Les réfractaires

Durant la Guerre d’indépendance algérienne : l’historien Tramor Quémeneur dénombre 12.000 soldats ayant refusé de participer à la guerre d’Algérie, soit 1% de l’effectif total. Parmi ces réfractaires, les insoumis, qui ne répondent pas à leurs convocations, sont les plus nombreux. Déserteurs et objecteurs de conscience – le statut n’est pas encore reconnu par la loi — sont beaucoup plus rares. Le nombre des insoumis évolue de manière irrégulière. Un premier pic est constaté en 1955-56, au moment des rappels, accompagné de manifestations dans de nombreuses villes de France.
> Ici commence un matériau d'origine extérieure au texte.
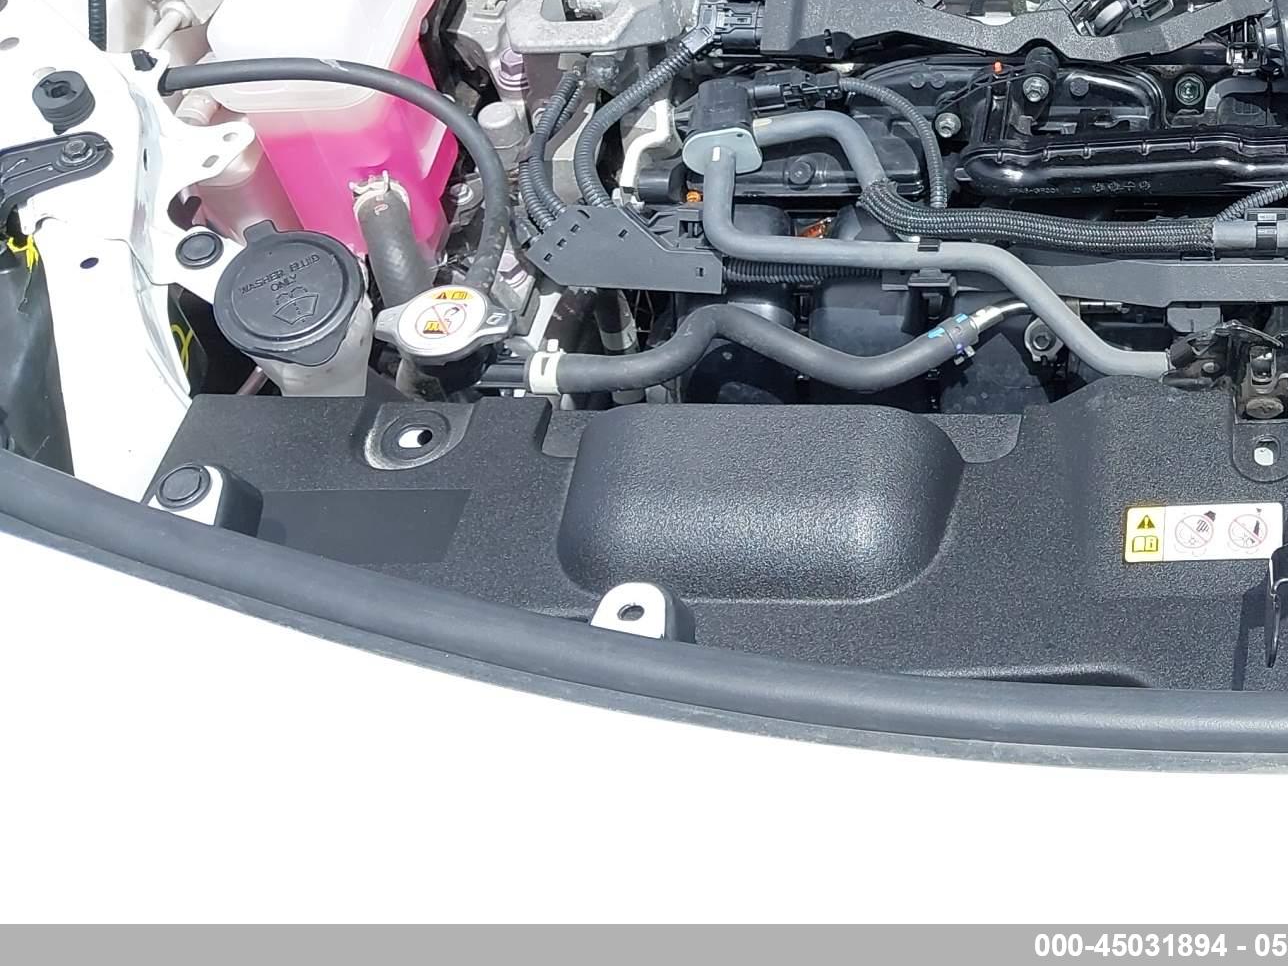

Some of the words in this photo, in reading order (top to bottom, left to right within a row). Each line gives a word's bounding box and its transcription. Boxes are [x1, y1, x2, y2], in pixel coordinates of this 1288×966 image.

[240, 269, 284, 294] WASHER
[289, 254, 320, 272] FLUID
[270, 274, 297, 291] ONLY
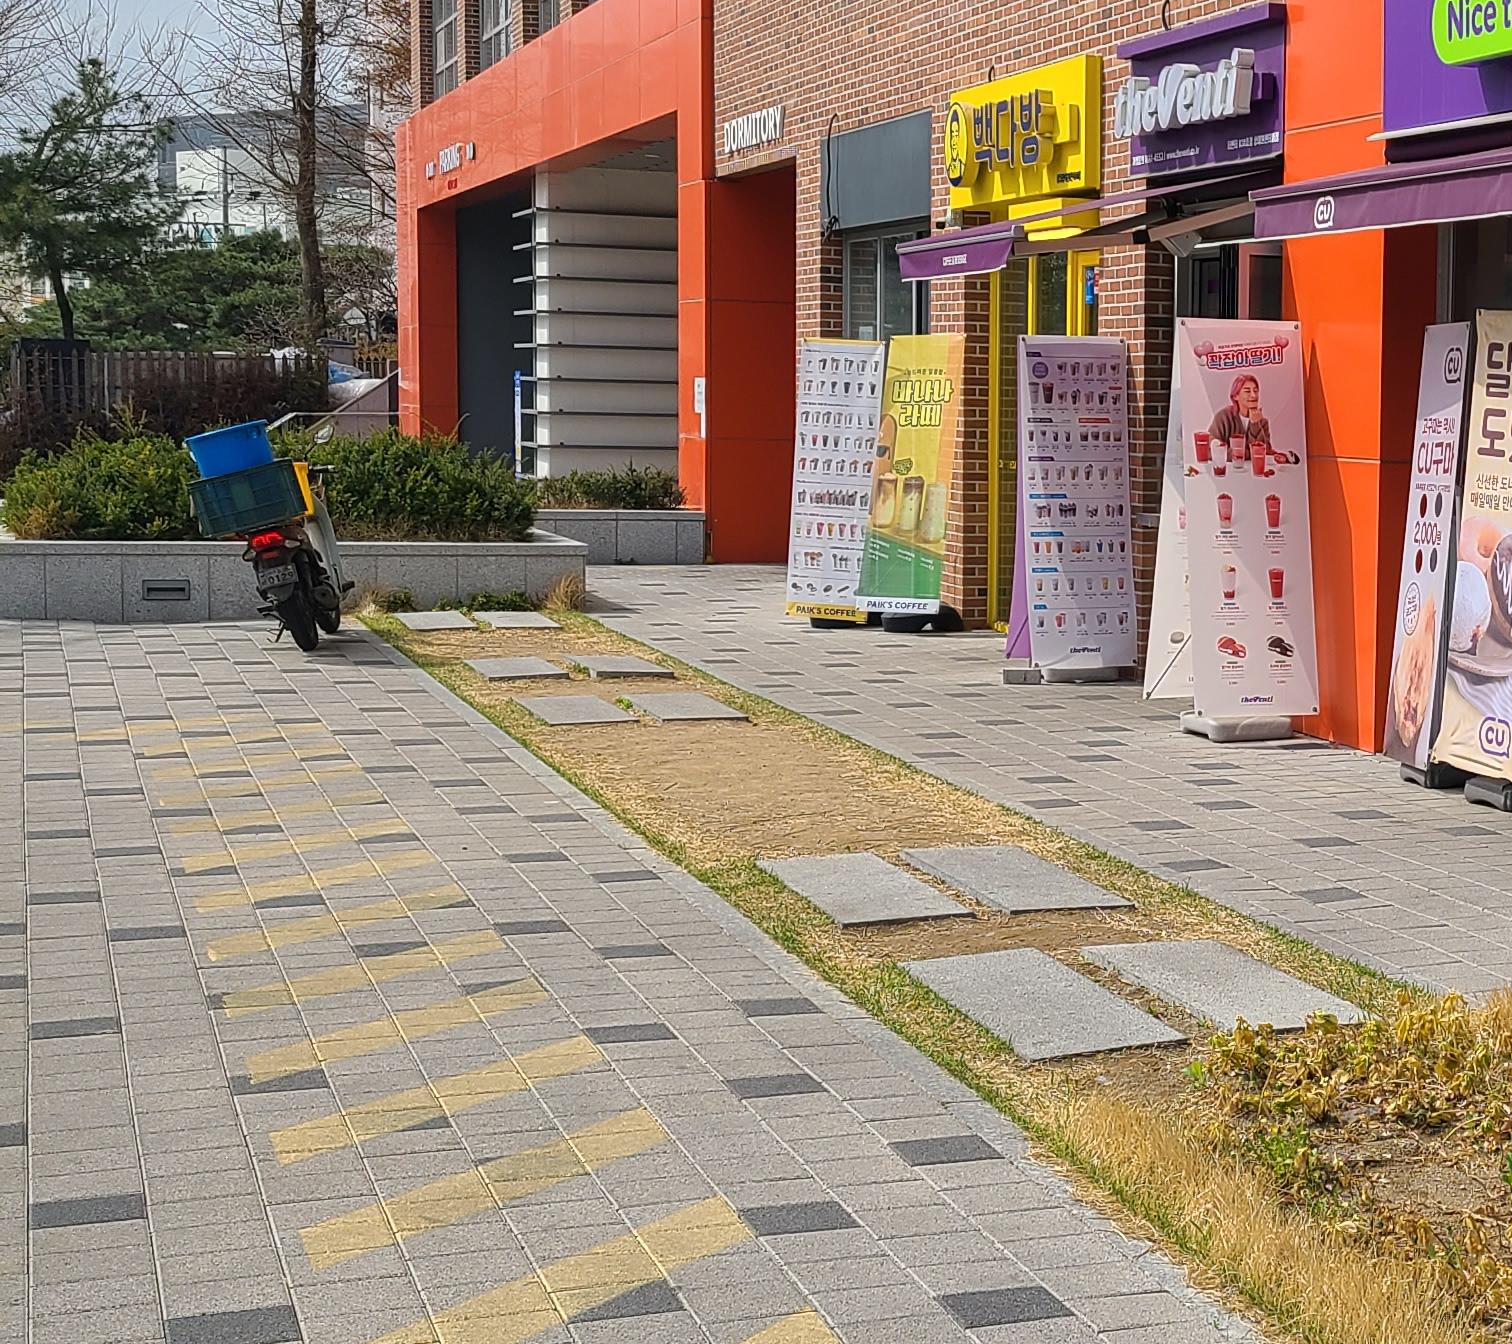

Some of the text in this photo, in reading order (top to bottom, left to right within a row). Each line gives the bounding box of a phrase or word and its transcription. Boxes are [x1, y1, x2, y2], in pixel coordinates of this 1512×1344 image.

[723, 104, 784, 154] DORMITORY
[973, 89, 1042, 173] 빽다방
[1317, 203, 1331, 222] CU
[1447, 355, 1461, 375] CU
[892, 379, 954, 404] 바나나
[899, 403, 943, 427] 라떼
[1417, 440, 1455, 476] CU구마
[1476, 474, 1499, 492] 신선한
[1470, 492, 1500, 511] 매일매일
[795, 605, 857, 617] PAIK'S COFFEE
[866, 600, 929, 610] PAIK'S COFFEE
[1485, 725, 1506, 747] CU
En 1957-1958, alors que les tortures sont révélées, des refus plus politisés se comptent parmi les soldats de sensibilité communiste ou chrétienne. Les années 1960-1962 sont marquées par une multiplication des insoumissions, encouragées par la « Déclaration du droit à l’insoumission dans la guerre d’Algérie » (plus connue sous le nom de « Manifeste des 121 »), publiée en septembre 1960 dans Vérité-Liberté, signée par des personnalités du monde intellectuel et artistique. A cette époque, des organisations sont capables de rassembler et d’aider les insoumis : c’est le cas de Jeune Résistance, un temps proche du FLN, ou de l’Action Civique Non Violente, davantage dans une logique d’objection de conscience. Cependant, jusqu’à la fin de la guerre, insoumis et déserteurs ont été condamnés à de lourdes peines par les tribunaux militaires. Ils ont dû attendre l’amnistie de 1966 pour que ces condamnations soient effacées de leurs casiers judiciaires.